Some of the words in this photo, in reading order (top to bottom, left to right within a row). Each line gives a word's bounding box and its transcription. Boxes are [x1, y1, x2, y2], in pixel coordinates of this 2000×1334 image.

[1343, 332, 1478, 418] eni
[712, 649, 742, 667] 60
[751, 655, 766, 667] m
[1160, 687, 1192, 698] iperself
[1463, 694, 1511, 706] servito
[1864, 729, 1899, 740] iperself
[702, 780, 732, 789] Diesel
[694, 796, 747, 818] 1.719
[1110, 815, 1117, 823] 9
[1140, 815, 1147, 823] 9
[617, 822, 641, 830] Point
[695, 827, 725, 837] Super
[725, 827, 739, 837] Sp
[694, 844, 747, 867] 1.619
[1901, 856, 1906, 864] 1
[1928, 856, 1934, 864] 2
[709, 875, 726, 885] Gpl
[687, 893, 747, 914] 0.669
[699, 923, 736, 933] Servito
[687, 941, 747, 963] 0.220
■ ■ ■ ■ ■
# DESCRIPTION OF THE TASK
Each entry above should be written again exactly.

# RESPONSE TO THIS EXERCISE
Some of the words in this photo, in reading order (top to bottom, left to right within a row). Each line gives a word's bounding box and its transcription. Boxes are [x1, y1, x2, y2], in pixel coordinates of this 2000×1334 image.

[1343, 332, 1478, 418] eni
[712, 649, 742, 667] 60
[751, 655, 766, 667] m
[1160, 687, 1192, 698] iperself
[1463, 694, 1511, 706] servito
[1864, 729, 1899, 740] iperself
[702, 780, 732, 789] Diesel
[694, 796, 747, 818] 1.719
[1110, 815, 1117, 823] 9
[1140, 815, 1147, 823] 9
[617, 822, 641, 830] Point
[695, 827, 725, 837] Super
[725, 827, 739, 837] Sp
[694, 844, 747, 867] 1.619
[1901, 856, 1906, 864] 1
[1928, 856, 1934, 864] 2
[709, 875, 726, 885] Gpl
[687, 893, 747, 914] 0.669
[699, 923, 736, 933] Servito
[687, 941, 747, 963] 0.220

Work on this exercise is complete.